In 1997, the Emerging Issues Task Force of the Financial Accounting
Standards Board (the "EITF") issued EITF No. 97-2. The EITF reached a consensus
concerning certain matters relating to the physician practice management ("PPM")
industry with respect to the consolidation of professional corporation revenues
and the accounting for business corporations. As an interim step before the
consensus, the EITF allowed PPMs to display the revenues and expenses of managed
physician practices in the statement of operations (the "alternative display
method") if the terms of the management agreement provided the PPM with a "net
profits or equivalent interest" in the net profits of the medical services
furnished by the Medical Practices. It is the Company's understanding that the
EITF did not and would not object to the use of the alternative display method
in PPM financial statements for periods ending before December 15, 1998. As the
Company does not consolidate its managed Network Sites, the adoption of EITF
97-2 in 1998 will not have a material impact on the Company's financial
position, cash flows or results of operations. As discussed below, the Company
will discontinue the display of revenues for its Long Island and Boston Network
Sites due to changes in the respective management agreements.

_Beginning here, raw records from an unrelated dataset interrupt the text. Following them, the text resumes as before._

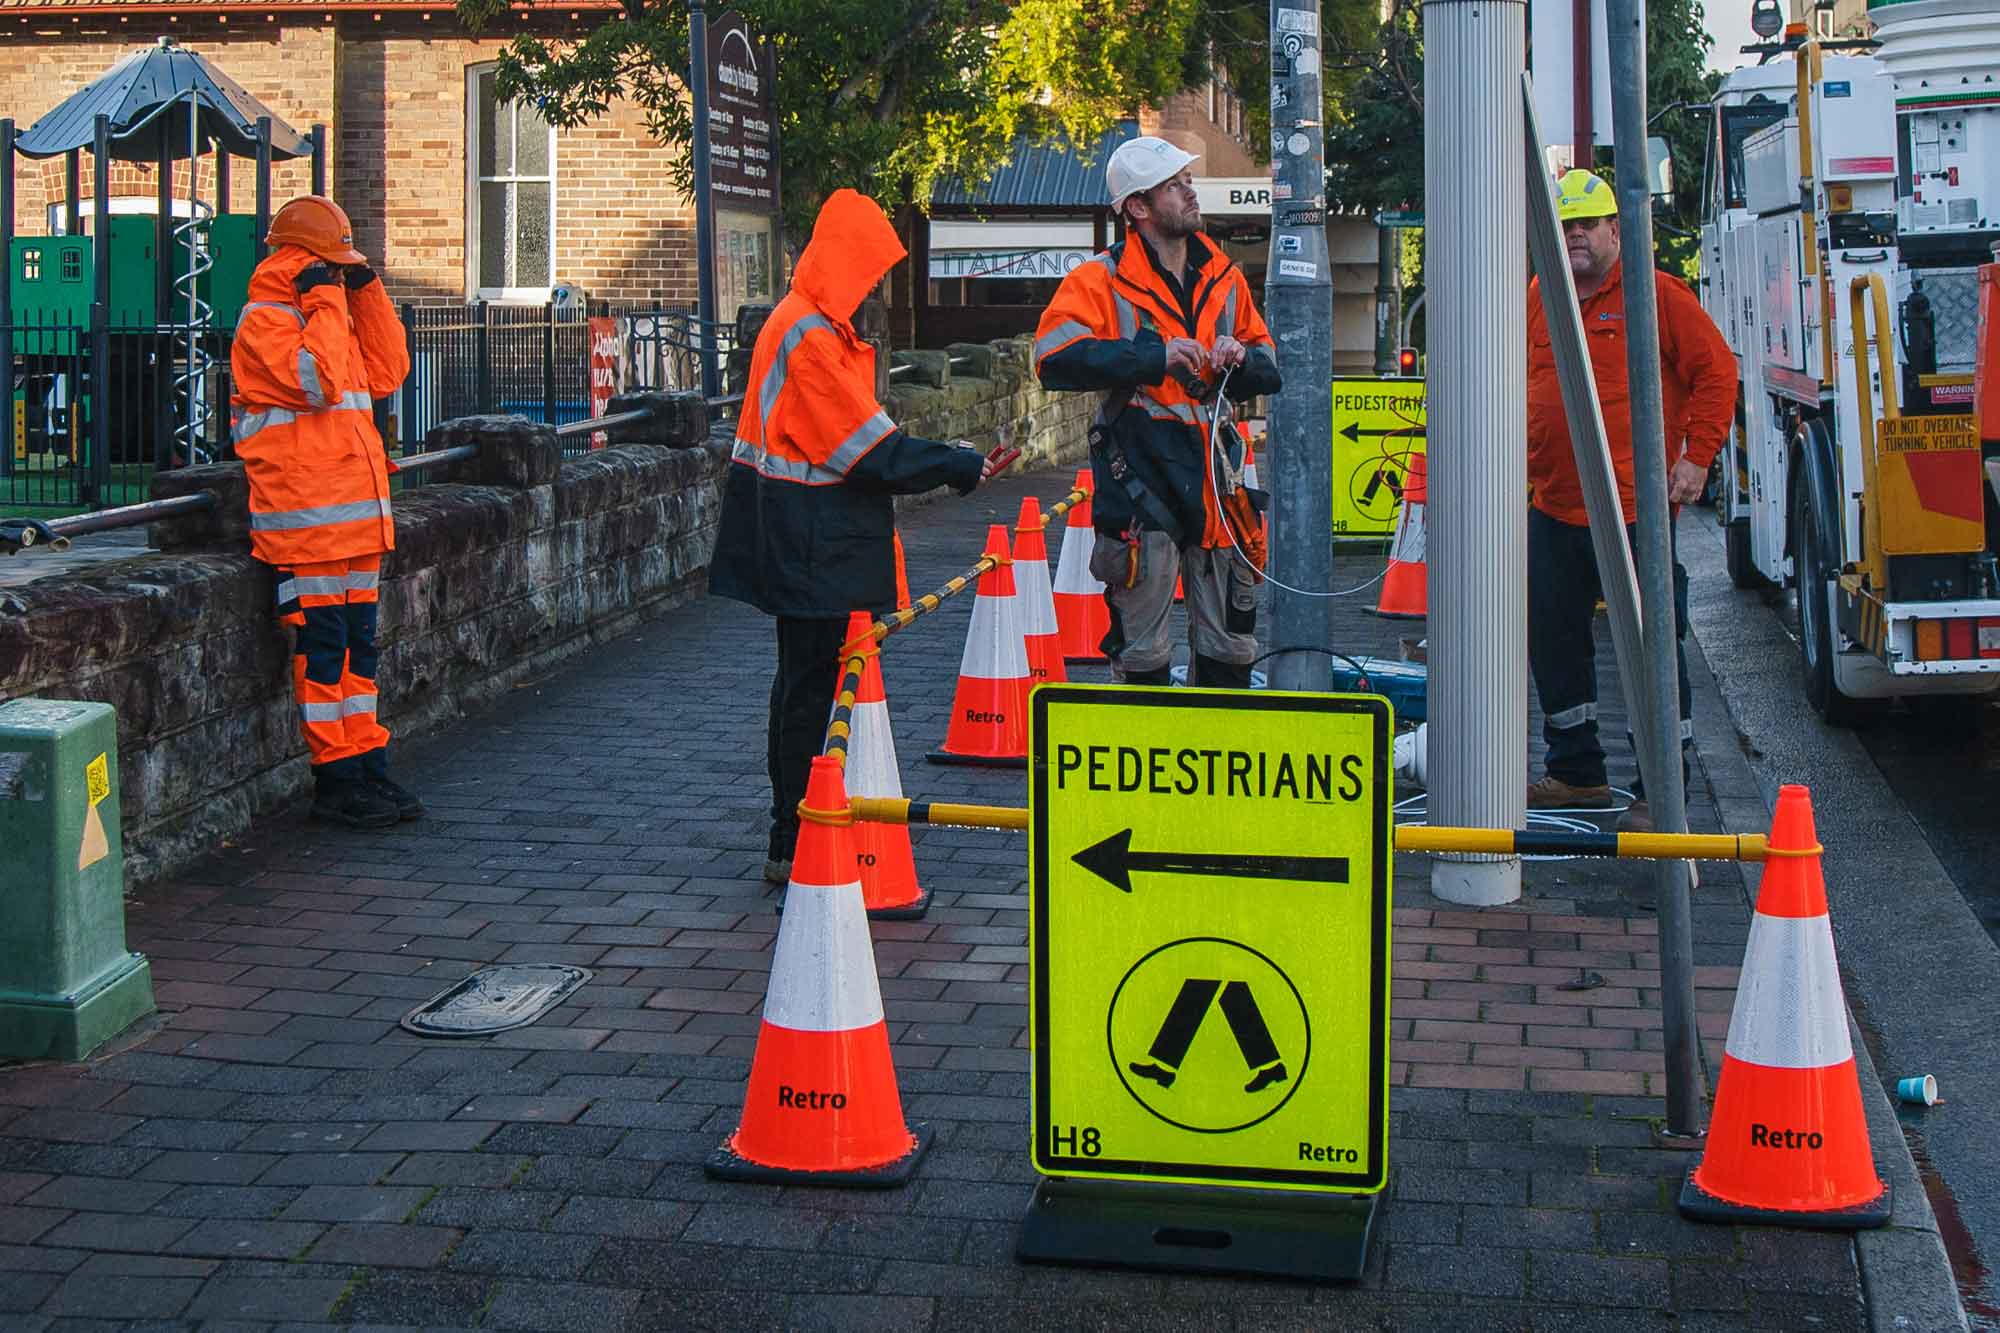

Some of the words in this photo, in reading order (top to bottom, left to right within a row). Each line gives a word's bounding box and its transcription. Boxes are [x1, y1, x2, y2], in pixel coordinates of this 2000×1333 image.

[1230, 190, 1270, 204] BAR
[944, 252, 1086, 275] ITALIANO
[1936, 385, 1975, 395] WARNIN
[1335, 395, 1425, 411] PEDESTRIAN
[1884, 421, 1896, 433] DO
[1902, 420, 1919, 433] NOT
[1924, 417, 1975, 433] OVERTAKE
[1885, 436, 1927, 451] TURNING
[1932, 434, 1974, 449] VEHICLE
[1030, 667, 1047, 678] tro
[966, 709, 1005, 724] Retro
[1057, 744, 1362, 802] PEDESTRIANS
[778, 1086, 847, 1110] Retro
[1051, 1126, 1102, 1158] H8
[1751, 1123, 1823, 1149] Retro
[1299, 1142, 1358, 1164] Retro
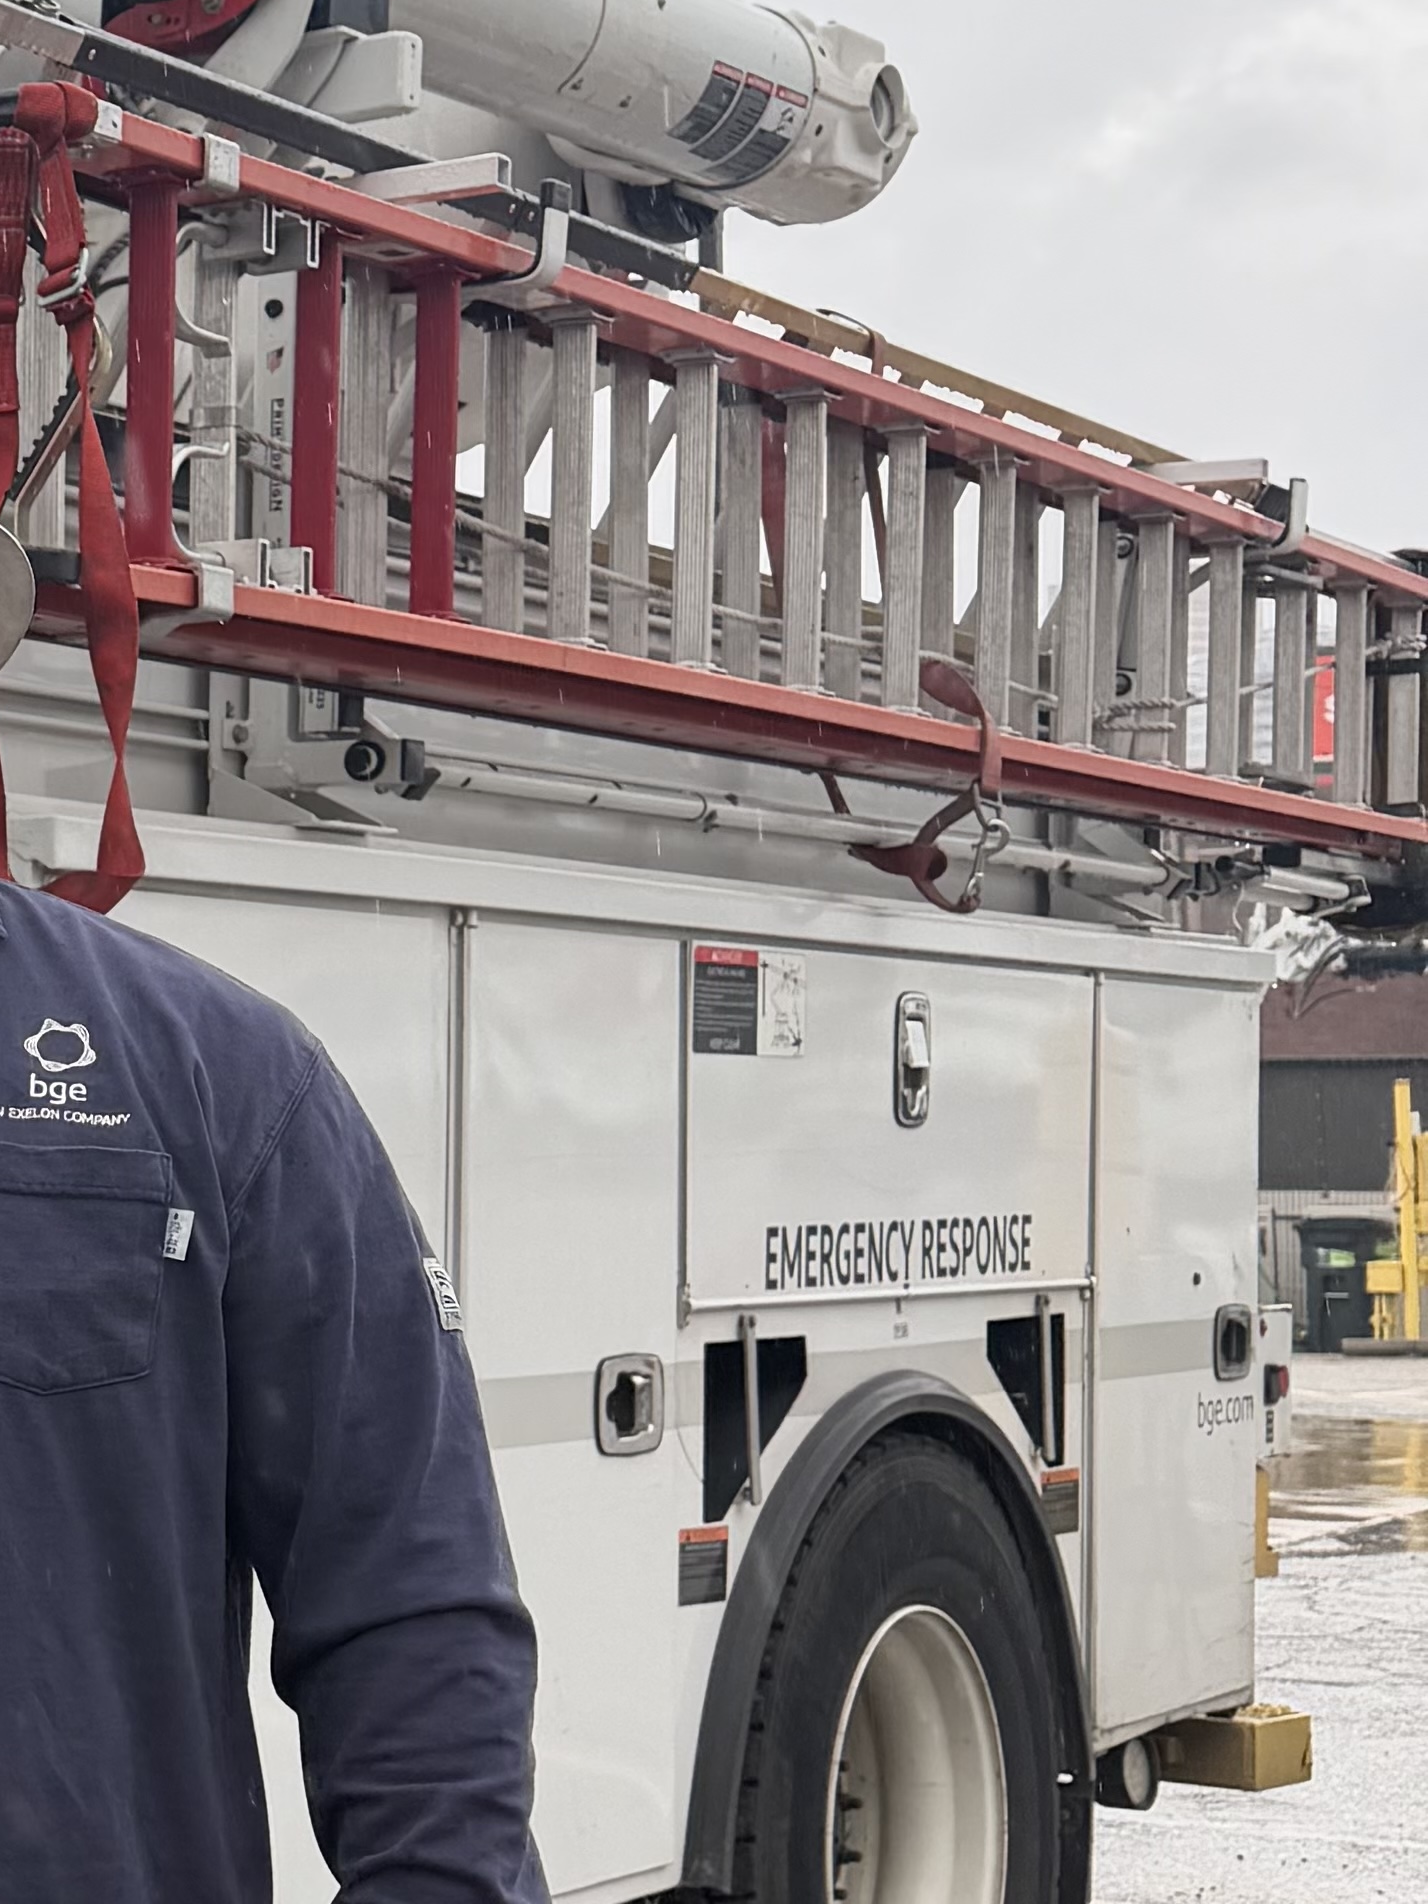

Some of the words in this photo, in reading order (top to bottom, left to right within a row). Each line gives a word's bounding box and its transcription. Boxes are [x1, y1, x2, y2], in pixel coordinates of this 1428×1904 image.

[29, 1072, 87, 1105] bge
[8, 1106, 60, 1120] EXELON
[63, 1109, 131, 1126] COMPANY
[764, 1220, 915, 1291] EMERGENCY
[921, 1214, 1034, 1280] RESPONSE
[1197, 1392, 1254, 1436] bge.com

Since inception through December 31, 1997, the management agreements
related to the Long Island and Boston Network Sites have been incorporated in
the Company's consolidated financial statements via the display method as the
Company believed that these management agreements provided it with a "net
profits or equivalent interest" in the net profits of the medical services
furnished by the Medical Practices at the Long Island and Boston Network Sites.
Consequently, for the Long Island and Boston Network Sites, the Company has
presented the

F-7




INTEGRAMED AMERICA, INC.
NOTES TO CONSOLIDATED FINANCIAL STATEMENTS

Medical Practices' patient services revenue, less amounts retained by the
Medical Practices, or "Medical Practice retainage", as "Revenues after Medical
Practice retainage" in the accompanying consolidated statement of operations
("display method"). Effective in October 1997 and January 1998, due to changes
in the management agreements related to the Long Island and Boston Network
Sites, respectively, the Company will no longer display the patient services
revenue of the Long Island and Boston Medical Practices. The revised management
agreements provide for the Company to receive a specific management fee which
the Company will report in "Revenues, net" in the consolidated statement of
operations.

These consolidated financial statements are prepared in accordance with
generally accepted accounting principles which requires the use of management's
estimates. The preparation of financial statements in conformity with generally
accepted accounting principles requires management to make estimates and
assumptions that affect the reported amounts of assets and liabilities and
disclosure of contingent assets and liabilities at the date of the financial
statements and the reported amounts of revenues and expenses during the
reporting period. Actual results could differ from those estimates.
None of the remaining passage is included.